Scoperti focolai di ‘pseudorabbia’ nell’Appennino reggiano
Reggio Emilia – Legambiente Reggio Emilia denuncia: “Sono almeno quattro i cani vittime accertate di alcuni focolai della “malattia di Aujeszky”, conosciuta anche come “pseudorabbia”, e riscontrati nel nostro appennino dal mese di Dicembre dell’ormai scorso anno.
La pseudorabbia è un virus appartenente alla famiglia degli Herpesvirus.
Il maiale e il cinghiale sono gli ospiti naturali per questo virus che però può essere trasmesso anche a ruminanti (pecore, vacche, capre), cani, gatti e animali selvatici come volpi, furetti e roditori.
Il virus si trasmette facilmente per via aerea, per via oro-fecale, per contatto diretto, attraverso l’accoppiamento e attraverso l’ingestione di parti animali infette crude.

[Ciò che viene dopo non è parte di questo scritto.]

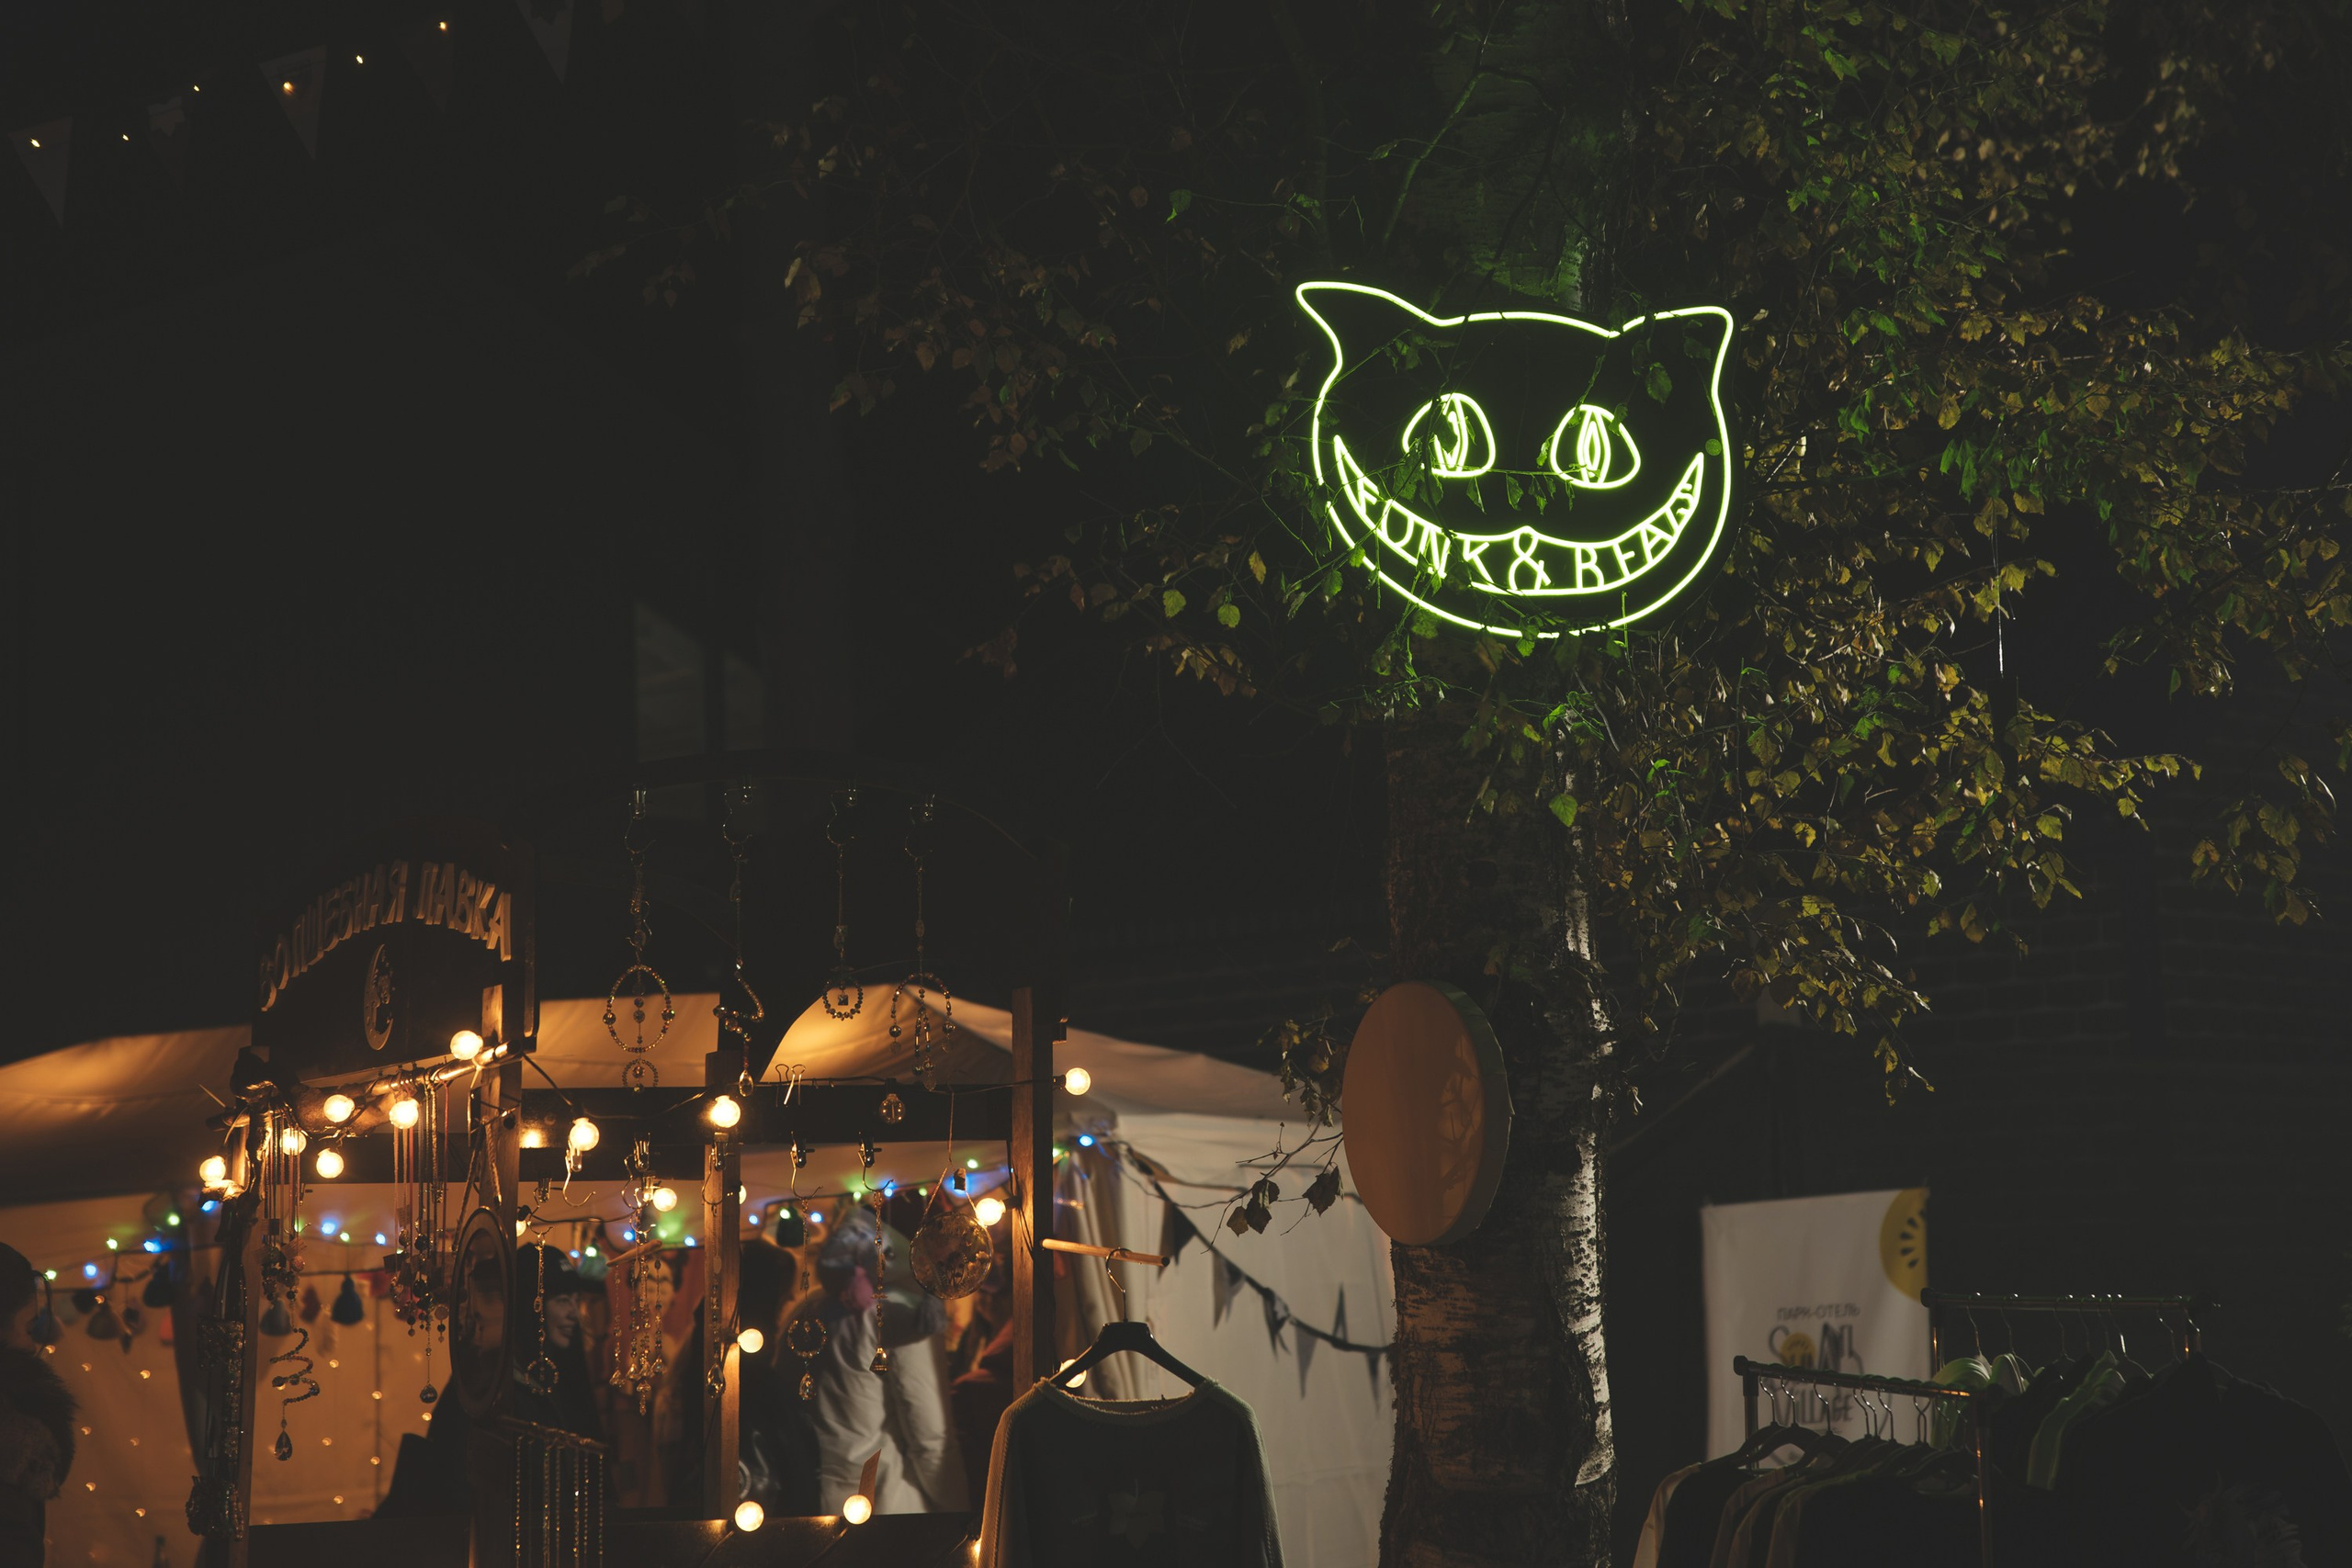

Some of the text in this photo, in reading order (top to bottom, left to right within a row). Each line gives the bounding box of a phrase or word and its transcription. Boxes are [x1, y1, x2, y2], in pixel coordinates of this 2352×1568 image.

[1509, 525, 1551, 592] &
[258, 858, 512, 1012] ВОЛШЕБНАЯ ЛАВКА
[1777, 1303, 1860, 1321] ПАРК-ОТЕЛЬ

Il Morbo di Aujeszky è letale nel cane, di cui colpisce il sistema nervoso centrale.
I sintomi si presentano dopo un periodo di incubazione di pochi giorni e possono ricordare i sintomi della rabbia vera e propria, da cui il nome “pseudorabbia”.
Il cane manifesta inizialmente anoressia, stanchezza, indifferenza agli stimoli esterni e peggiora successivamente dimostrando difficoltà respiratorie, salivazione eccessiva, vomito, diarrea e un lieve rialzo della temperatura.

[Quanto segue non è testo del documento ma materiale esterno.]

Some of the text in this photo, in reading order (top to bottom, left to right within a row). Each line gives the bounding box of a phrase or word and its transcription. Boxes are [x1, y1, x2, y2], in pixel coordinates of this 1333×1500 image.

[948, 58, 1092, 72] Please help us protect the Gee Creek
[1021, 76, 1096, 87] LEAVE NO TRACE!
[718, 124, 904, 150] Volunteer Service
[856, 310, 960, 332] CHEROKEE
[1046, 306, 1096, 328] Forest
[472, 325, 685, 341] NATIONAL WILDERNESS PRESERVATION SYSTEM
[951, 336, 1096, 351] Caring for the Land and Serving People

Il sintomo distintivo è un fortissimo prurito, localizzato soprattutto su muso e orecchie, che induce il cane a grattarsi in continuazione.
Nelle fasi finali della malattia i cani presentano spasmi neuro muscolari, mancanza di coordinazione e paralisi progressiva. Purtroppo per i soggetti colpiti la prognosi è infausta. I cani che con maggior probabilità possono contrarre la pseudorabbia sono i segugi utilizzati per la caccia al cinghiale. Il contagio potrebbe avvenire per contatto diretto (e/o attraverso morsi e ferite) con l’animale o, più realisticamente, ingerendo visceri crudi infetti che possono essere somministrati come “ricompensa” dai cacciatori.

Massimo Becchi, presidente della Legambiente di Reggio Emilia, si dice preoccupato per la mancata informazione della cittadinanza da parte dell’A.U.S.L. competente, riguardo alla presenza di questo focolaio nella nostra zona montana: “Grazie ad alcuni cacciatori siamo venuti a conoscenza dell’avvenuta morte di quattro cani, morte causata da questo morbo ed avvenuta in seguito a battute di caccia effettuate nelle vicinanze di Maro, Carù e Sologno.
Chiediamo agli organi competenti di informare tutta la popolazione, non solamente Ambiti Territoriale di Caccia ed Aziende Faunistico Venatorie, poiché la pseudo rabbia è fatale anche per gatti e cani – non solo da caccia – che potrebbero venire casualmente a contatto con carcasse di animali infetti o loro secrezioni, data la vicinanza di allevamenti di suini e della presenza di animali selvatici nei pressi dei centri abitati”.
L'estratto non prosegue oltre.